You can’t go chrome again

June 17, 2019

You can get blinded by this light

Nostalgia, when done right, is charming. When we rolled into Williams, AZ prior to our train trip to the Grand Canyon, I felt we had discovered a little town that had gotten nostalgia just right. Carol was still a bit unsettled from seeing our accommodations for the next two nights. Even after I had explained how the guy backing up next to us in his pickup with his personal belongings neatly tied off in hefty bags had made his reservation using Expedia.com, she remained skeptical, suspecting I’d once again booked us into a hotel occupied by characters in a Rob Zombie movie.

The walk through town changed her fears to cheers. Williams had resurrected its Route 66 roots from the death caused by Interstate 40 into something of a living museum,  mixing the reality of its reduced circumstances with a nostalgic embrace of its heyday during the golden age of the American automobile.

The real Radiator Springs photo credit David and Donna’s Great Adventures

A few of the skeletal remains of the old town were left intact, a couple of others were repurposed as museums, complete with the old tower-style gas pumps fronting a classic “garage” that now sold tchotchkes ranging from Route 66 refrigerator magnets to Betty Boop posters and more Route 66 refrigerator magnets. Carol remembered Williams as the model for Radiator Springs in the Disney movie Cars, which came as a relief that she no longer was seeing the town as the setting for The Devil’s Rejects or House of 1000 Corpses.

Nostalgia at its warmest…

We had luckily timed our arrival to be there for the annual classic car weekend, drawing dozens of 50’s era and earlier gearheads from out of the surrounding woodwork. Then it all started to go to hell for me.

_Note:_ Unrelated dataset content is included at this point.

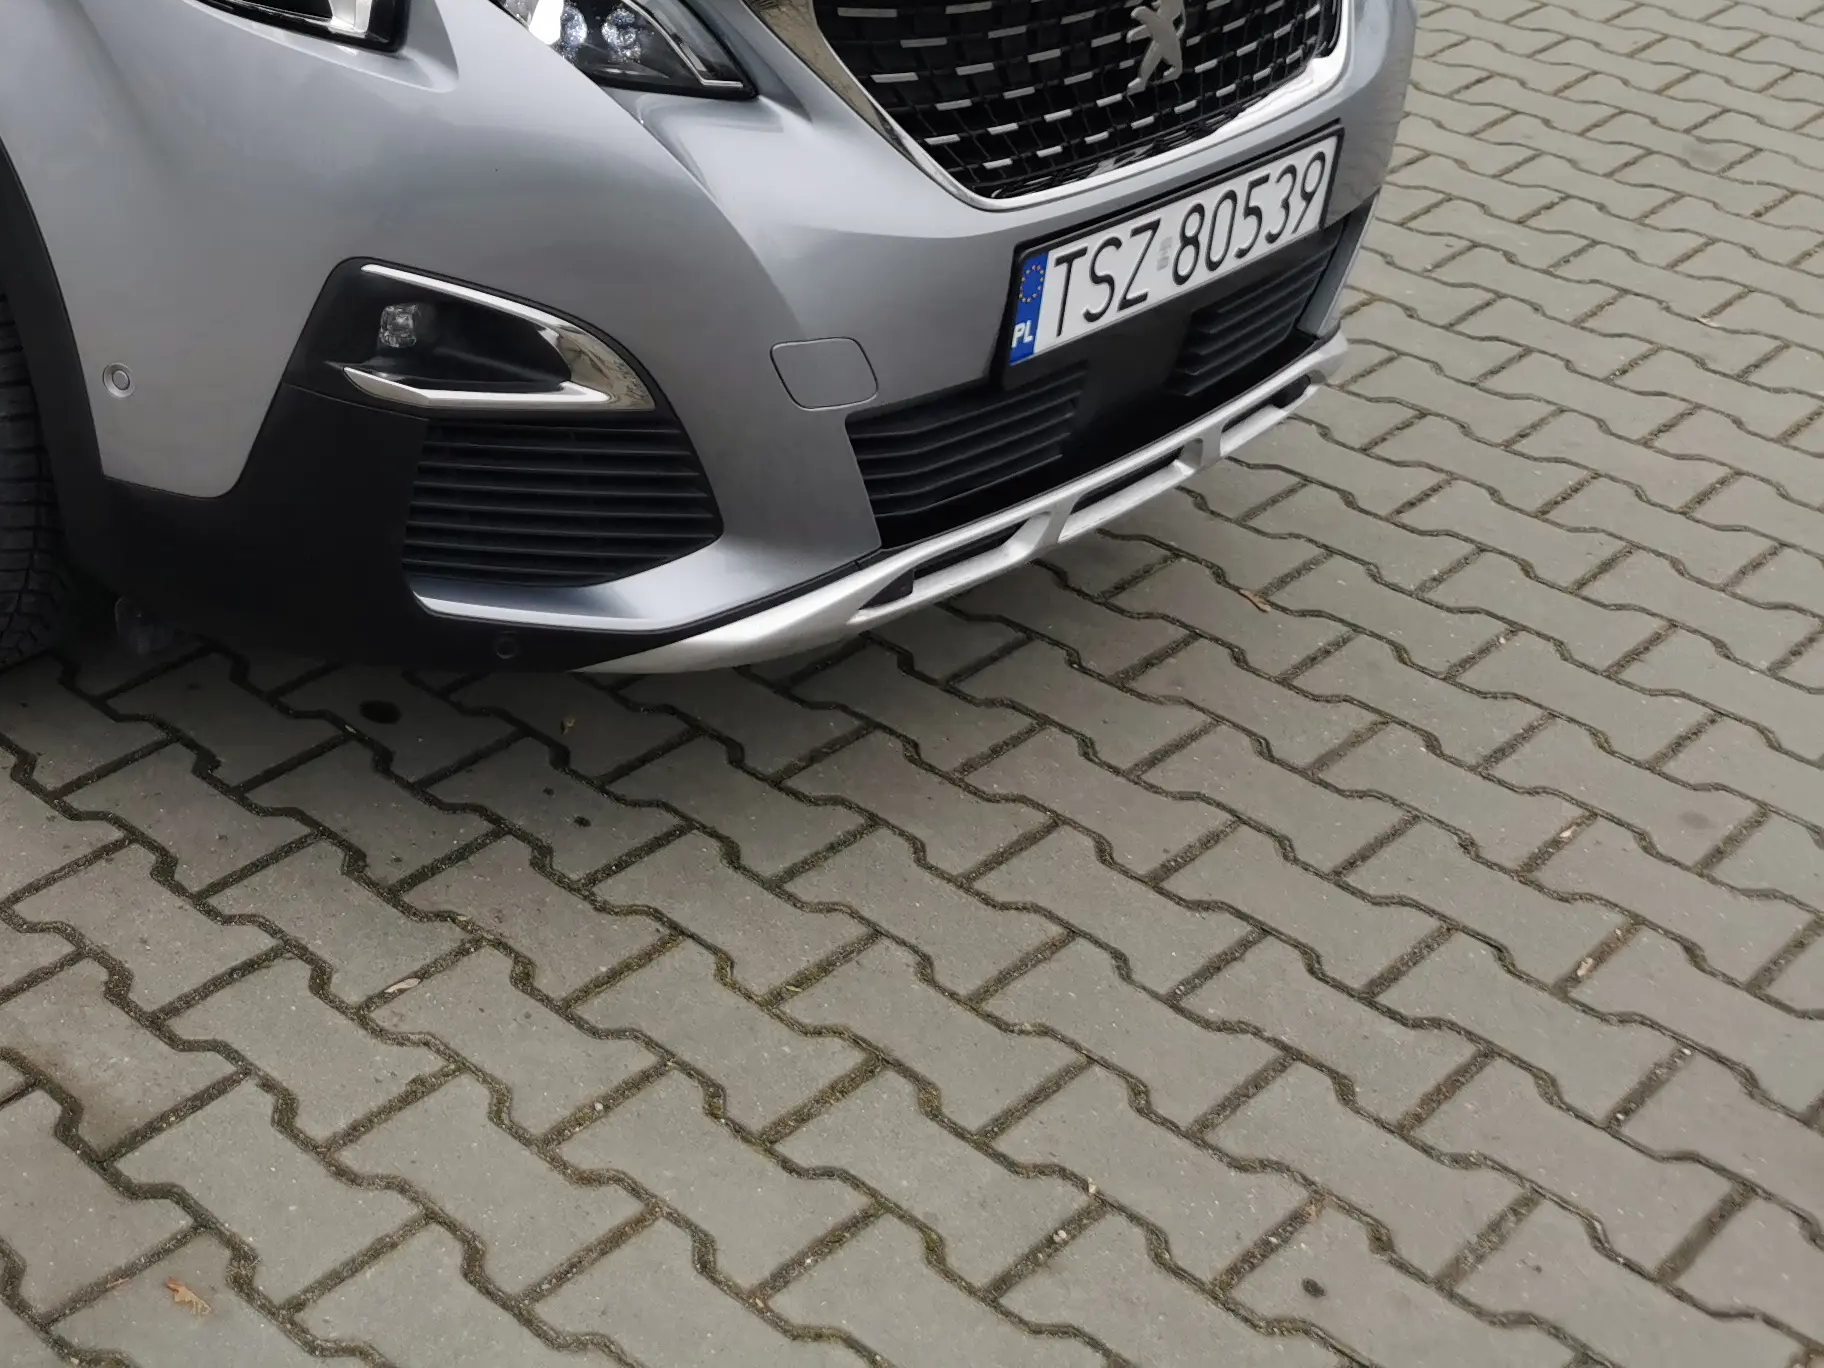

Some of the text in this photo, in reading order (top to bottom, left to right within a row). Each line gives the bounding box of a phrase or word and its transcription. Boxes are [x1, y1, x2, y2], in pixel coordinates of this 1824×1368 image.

[1054, 151, 1326, 337] TSZ 80539
[1011, 319, 1034, 349] PL

I had hoped to avoid what I knew would be a lame gunfight reenactment preceding boarding the Grand Canyon Express the next morning. I would not be disappointed in its lameness, and even Carol second-guessed her initial interest. On board, we shared an upstairs scenic domed car with a group who talked among themselves like it was a private car. That they were from Alabama, which had just recently voted to return itself to antebellum times did not advance the camaraderie. The end of my personal interest in excursion trains came when those lame gunfighters reenacted a train robbery. I immediately offered myself as a hostage, just so I’d get pulled off.

At the car show the next morning, we were enjoying the exquisitely restored, polished chrome ’56 Chevys, ’55 Thunderbirds and cherry red street rods, when I chanced upon a ’63 Cadillac boasting a Trump 2020 flag. In an instant my nostalgic portal collapsed, and now all I could see were lumbering guzzlers spewing leaded gas, no seat belts or air bags, with steering wheels designed to become harpoons in a head-on crash, and all those sparkling classics darkening back now to an era of jim crow, polluted rivers and back alley abortions. I saw in that flag a dark side to a nostalgia that I wanted no part of.

And it’s coldest

“I’m over that Route 66 road trip,” I said to Carol. And along with the Deep South, I was now writing off the Old West too. In my epiphany, I did not see nostalgia as a charming harkening back anymore, but a regressive rearing of an ugly head again.

What I needed was perspective, and I’d gotten it in Sedona, though only by the accident of non-planning.